## AIM OF THE TASK
Output the data unchanged and complete, minus the images.

Saved data entries

:::

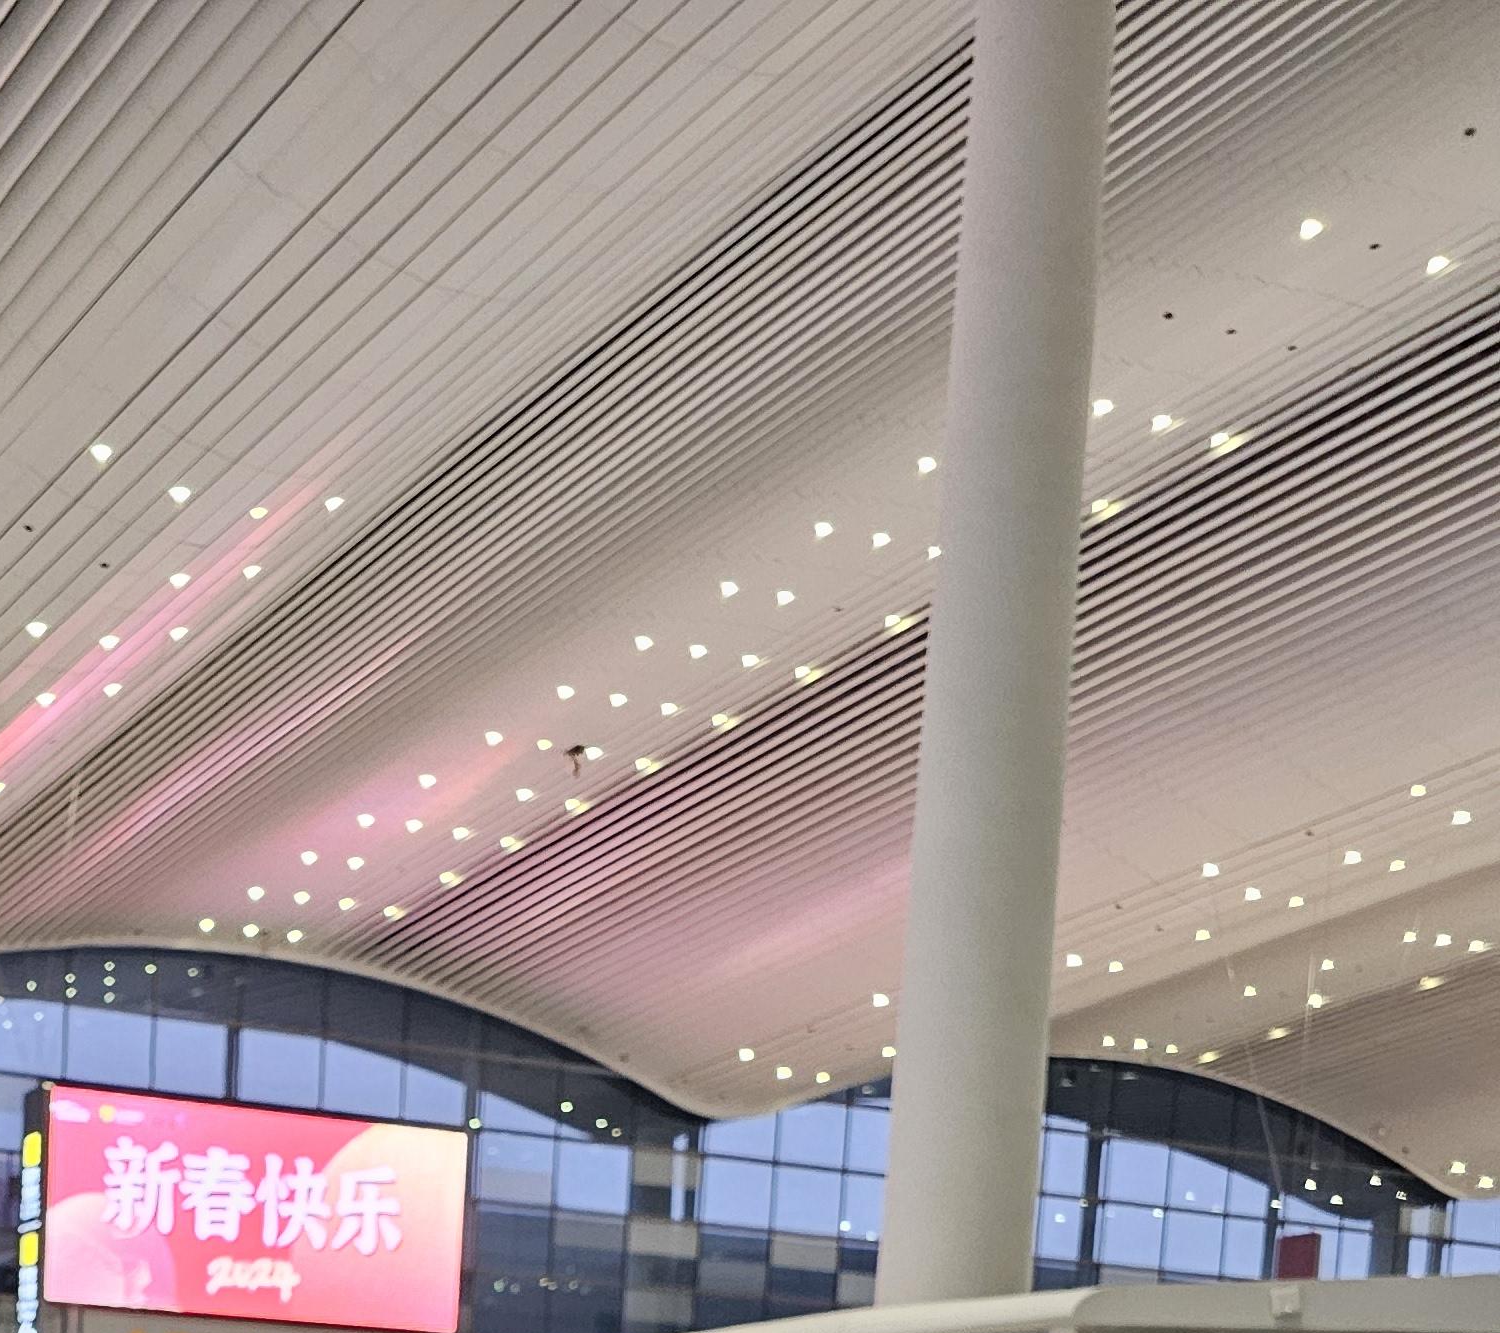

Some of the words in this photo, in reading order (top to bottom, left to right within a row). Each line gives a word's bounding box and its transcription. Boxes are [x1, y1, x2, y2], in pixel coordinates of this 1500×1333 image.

[101, 1136, 401, 1255] 新春快乐
[206, 1256, 300, 1303] 2024
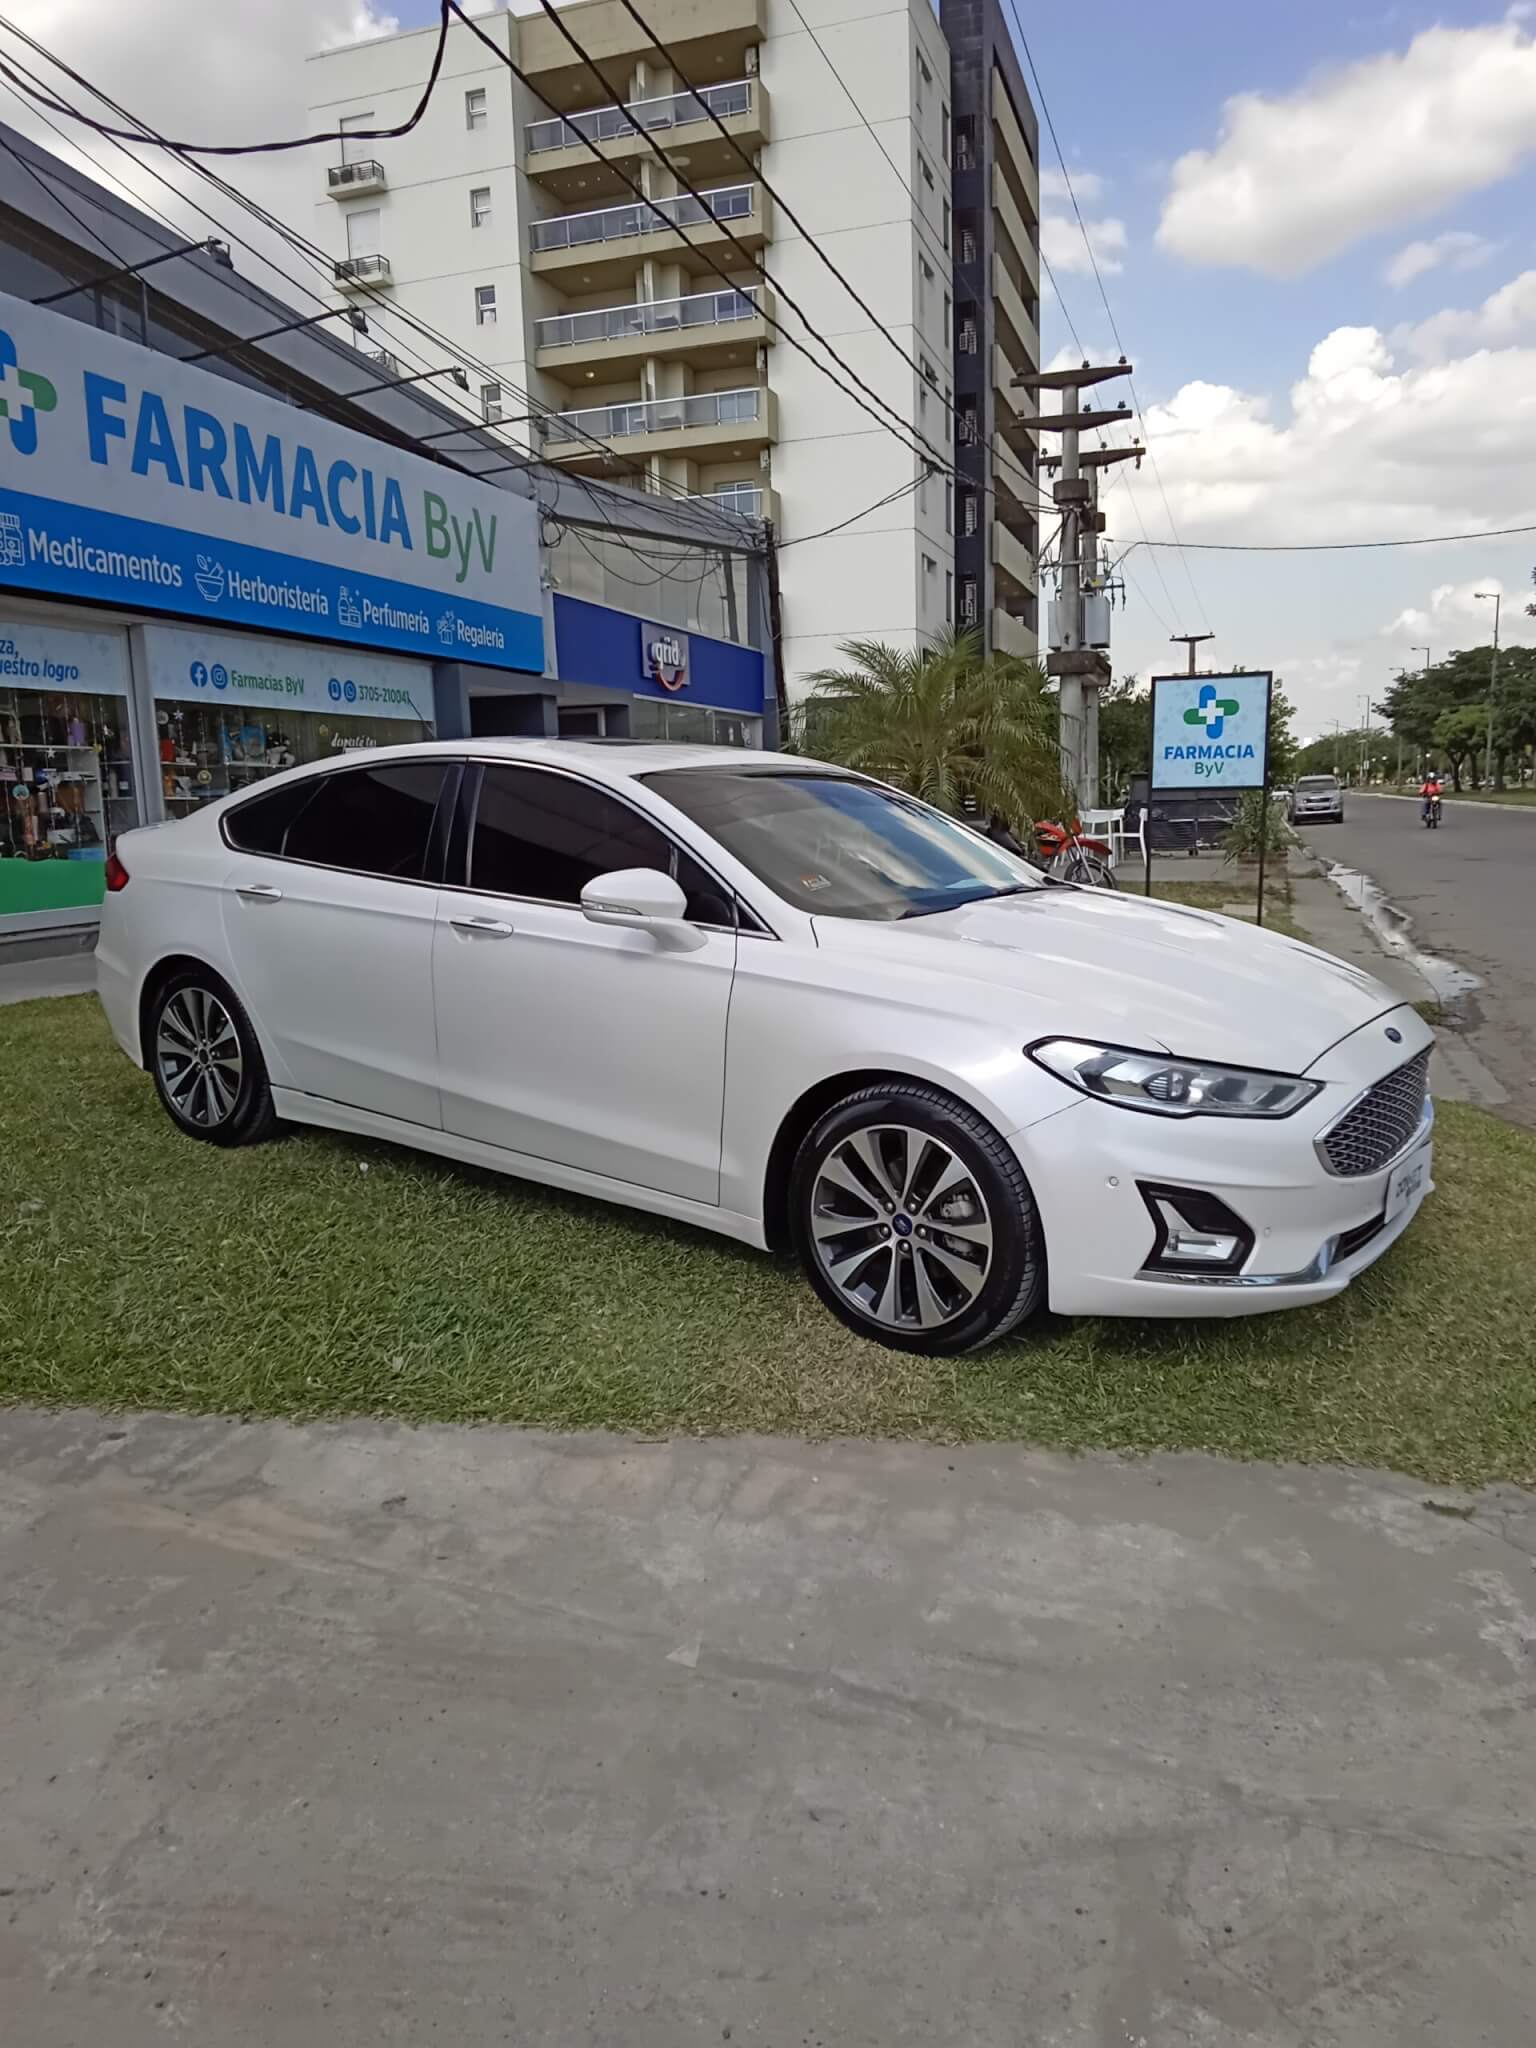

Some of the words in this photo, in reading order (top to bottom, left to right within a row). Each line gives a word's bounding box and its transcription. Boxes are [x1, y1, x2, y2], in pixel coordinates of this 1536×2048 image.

[83, 370, 413, 551] FARMACIA
[423, 490, 497, 583] ByV
[28, 528, 183, 587] Medicamentos
[227, 569, 329, 615] Herboristería
[363, 598, 430, 634] Perfumería
[457, 619, 505, 649] Regalería
[43, 659, 79, 682] logro
[231, 670, 283, 692] Farmacias
[285, 676, 304, 696] ByV
[1164, 744, 1255, 760] FARMACIA
[1194, 761, 1225, 777] ByV

:::

## EXERCISE ANSWER
Some of the words in this photo, in reading order (top to bottom, left to right within a row). Each line gives a word's bounding box and its transcription. Boxes are [x1, y1, x2, y2], in pixel coordinates of this 1500×1333 image.

[101, 1136, 401, 1255] 新春快乐
[206, 1256, 300, 1303] 2024

Some of the words in this photo, in reading order (top to bottom, left to right within a row). Each line gives a word's bounding box and its transcription. Boxes are [x1, y1, x2, y2], in pixel coordinates of this 1536×2048 image.

[83, 370, 413, 551] FARMACIA
[423, 490, 497, 583] ByV
[28, 528, 183, 587] Medicamentos
[227, 569, 329, 615] Herboristería
[363, 598, 430, 634] Perfumería
[457, 619, 505, 649] Regalería
[43, 659, 79, 682] logro
[231, 670, 283, 692] Farmacias
[285, 676, 304, 696] ByV
[1164, 744, 1255, 760] FARMACIA
[1194, 761, 1225, 777] ByV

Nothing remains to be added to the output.